Furthermore, how can people even present a ‘best self’ to the world when there is increasing evidence that there is no ‘self’ to begin with? What does the ‘self’ even mean in an era on the cusp of of mass genetic manipulation, cloning, organ transplant, and personality-altering drugs. Each of us is many different selves, constantly warring with one another for domination. Like so many linguistic perversions, the “self” is long since proven to be a nonsense-concept, and there are no words for all the multiple identities which consciousness can produce at any given time.  The sooner the world realizes that each person has many different identities within their “selves,” the more perceptive and compassionate we all are capable of being to each “self” within each other.

Lastly, we live in an era that values concision. In this era of screens and the images they show, we’ve all apparently decided that we’re too long-winded - we use too many words, we talk too much, we make our lives too complicated when we can simplify them so easily by being more terse.
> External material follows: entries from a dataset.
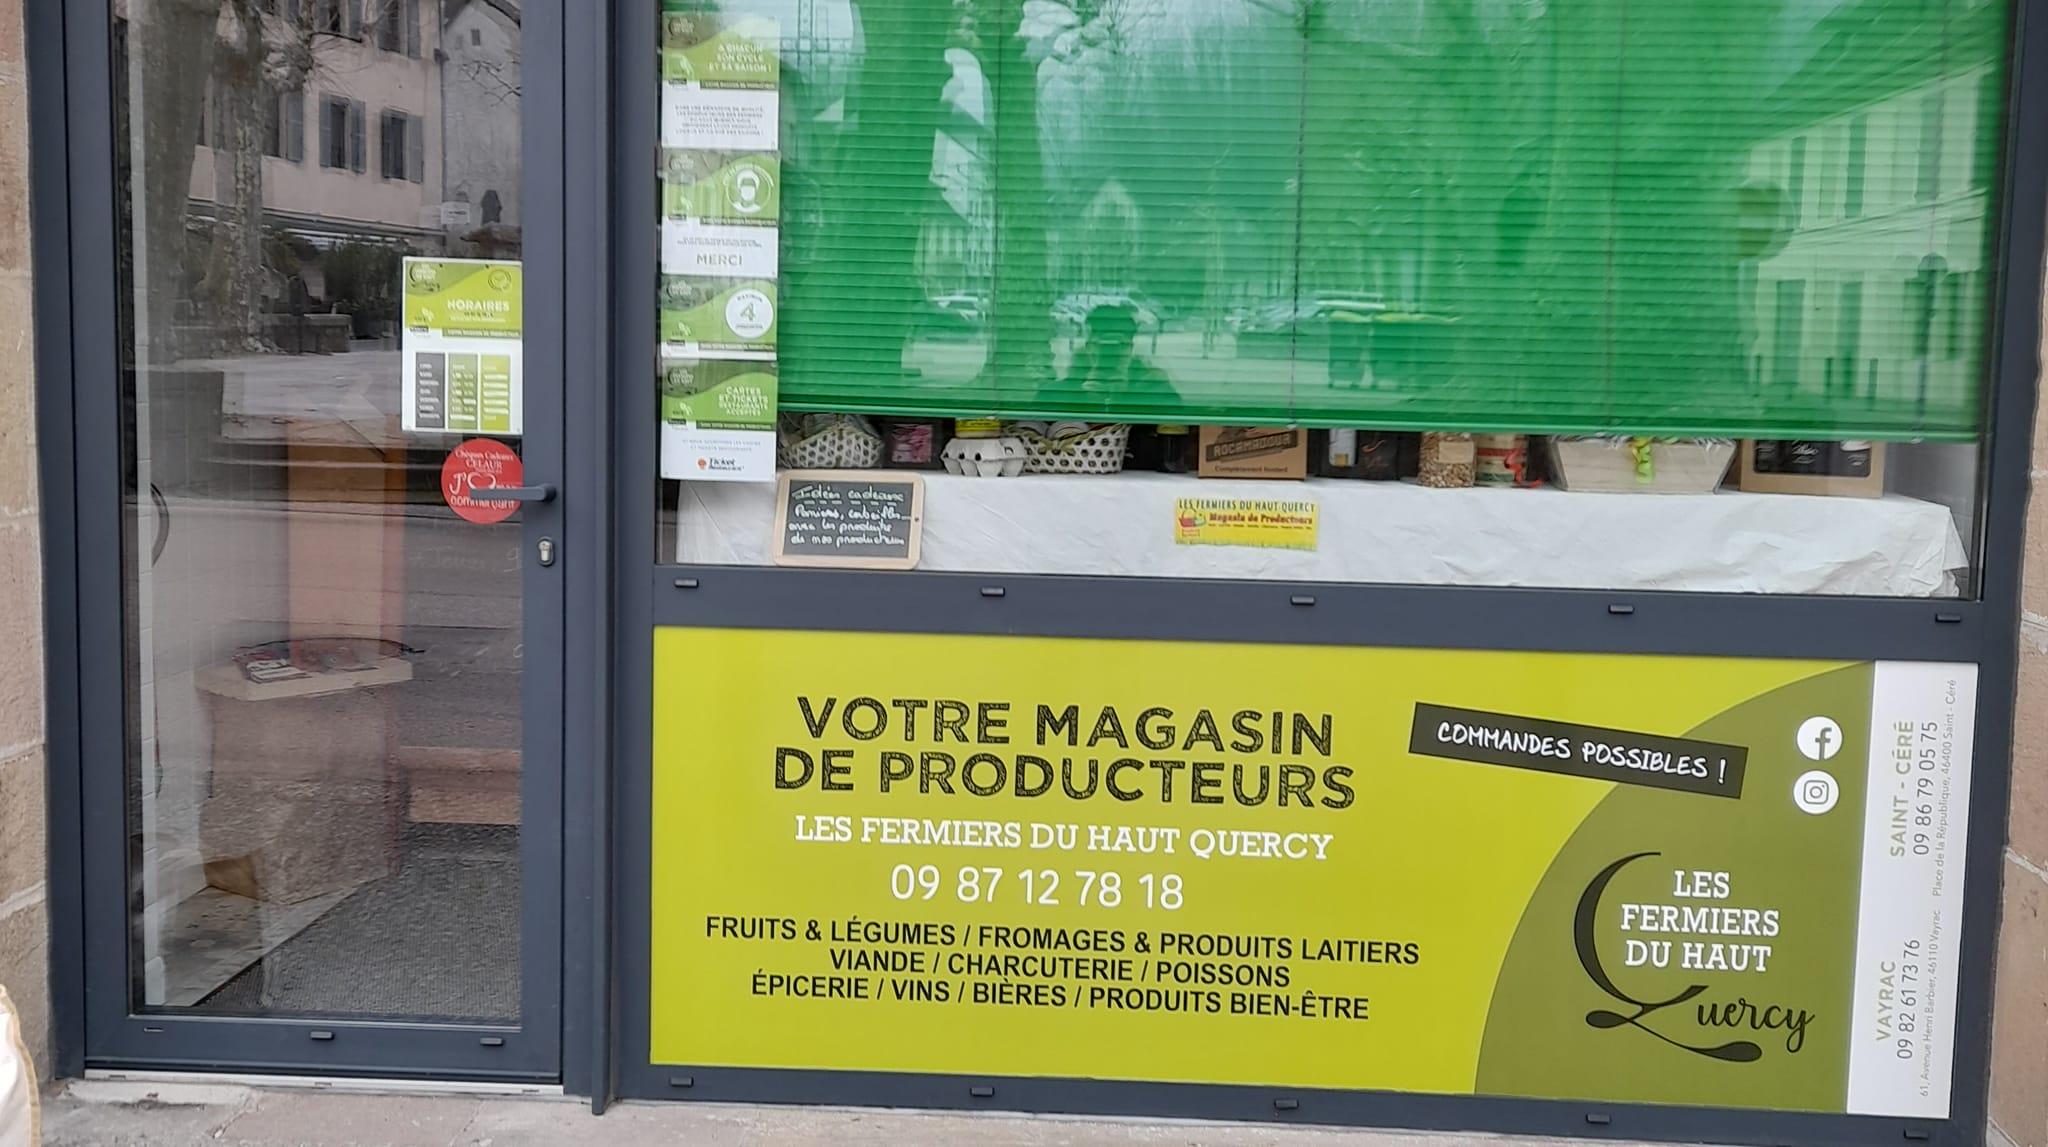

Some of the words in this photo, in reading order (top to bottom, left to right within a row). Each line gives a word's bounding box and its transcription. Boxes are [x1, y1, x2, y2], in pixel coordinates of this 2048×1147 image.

[736, 63, 766, 73] SAISON
[737, 54, 763, 63] CYCLE
[697, 254, 742, 266] MERCI
[447, 300, 509, 312] HORAIRES
[740, 302, 755, 321] 4
[726, 386, 761, 396] CARTES
[1214, 434, 1290, 457] ROCAMADOUR
[1179, 499, 1193, 509] LES
[1196, 500, 1236, 511] FERMIERS
[1240, 501, 1251, 511] DU
[1255, 501, 1278, 511] HAUT
[1282, 502, 1315, 512] QUERCY
[1209, 513, 1245, 523] Magasin
[1248, 513, 1258, 522] de
[1261, 514, 1312, 525] Producteurs
[1945, 680, 1957, 705] Céré
[797, 696, 1011, 745] VOTRE
[1036, 704, 1332, 756] MAGASIN
[1920, 721, 1938, 743] 75
[1943, 713, 1954, 738] Saint
[1437, 721, 1571, 758] COMMANDES
[1582, 742, 1708, 778] POSSIBLES
[1717, 759, 1727, 784] !
[1892, 720, 1914, 775] CÉRÉ
[1919, 748, 1936, 771] 05
[1941, 741, 1953, 775] 46400
[775, 747, 854, 791] DE
[880, 751, 1355, 809] PRODUCTEURS
[1917, 777, 1934, 798] 79
[1915, 804, 1932, 826] 86
[1936, 776, 1951, 838] République,
[795, 815, 852, 842] LES
[861, 817, 1021, 848] FERMIERS
[1030, 822, 1079, 850] DU
[1087, 825, 1180, 854] HAUT
[1189, 829, 1334, 860] QUERCY
[1890, 796, 1909, 857] SAINT
[1913, 834, 1930, 855] 09
[1935, 841, 1946, 851] la
[1934, 853, 1945, 867] de
[891, 863, 940, 900] 09
[956, 866, 1003, 903] 87
[1017, 868, 1060, 905] 12
[1074, 870, 1122, 908] 78
[1138, 873, 1183, 910] 18
[1673, 870, 1730, 898] LES
[1932, 872, 1944, 896] Place
[1620, 903, 1779, 937] FERMIERS
[1929, 909, 1943, 942] Vayrac
[706, 916, 797, 940] FRUITS
[805, 919, 822, 941] &
[831, 915, 955, 946] LÉGUMES
[963, 925, 971, 946] /
[978, 926, 1125, 952] FROMAGES
[1134, 931, 1151, 953] &
[1160, 932, 1292, 959] PRODUITS
[1302, 938, 1420, 965] LAITIERS
[1904, 939, 1920, 958] 76
[829, 948, 925, 972] VIANDE
[933, 952, 940, 974] /
[947, 953, 1132, 981] CHARCUTERIE
[1141, 960, 1148, 982] /
[1156, 961, 1290, 987] POISSONS
[1625, 940, 1672, 968] DU
[1681, 942, 1772, 972] HAUT
[1927, 943, 1938, 976] 46110
[1902, 964, 1918, 983] 73
[751, 968, 869, 999] ÉPICERIE
[876, 978, 884, 1000] /
[892, 979, 950, 1002] VINS
[957, 981, 965, 1003] /
[973, 977, 1067, 1007] BIÈRES
[1074, 985, 1082, 1008] /
[1090, 986, 1221, 1013] PRODUITS
[1230, 990, 1369, 1019] BIEN-ÊTRE
[1876, 961, 1896, 1041] VAYRAC
[1900, 988, 1917, 1007] 61
[1924, 977, 1937, 1014] Barbier,
[1898, 1012, 1915, 1033] 82
[1922, 1014, 1934, 1042] Henri
[1897, 1038, 1913, 1060] 09
[1920, 1046, 1932, 1081] Avenue
[1919, 1082, 1930, 1097] 61,
The wrong words get us into trouble, and right words go unnoticed. Every writing program tells you the same thing: never use two words when one will do. But they never tell you the just-as-true opposite: never use one word when two are required. The only concept in the world that does not require nuance is the need for nuance. A picture may say a thousand words, but there’s no guarantee that those thousand words the picture says will be any less vapid. At least with a thousand written words, you might get some context.

For the first time since the Middle Ages, the linguistic gulfs between us grow greater. Every academic field has its own jargon, every region its own particular meanings for words and words for meanings, every social class its own dialect, and every field of interest its own inside information. So many new concepts, many of them beneficial , are created from such flexibility. But if we want to minimize misunderstandings around the world, then the world needs a common tongue. Not just a common language, but a language in which we’re all trained vigorously, in which the meaning of every word and clause can be both rigidly disciplined and free to be flexibly used to make the most difficult concepts simple.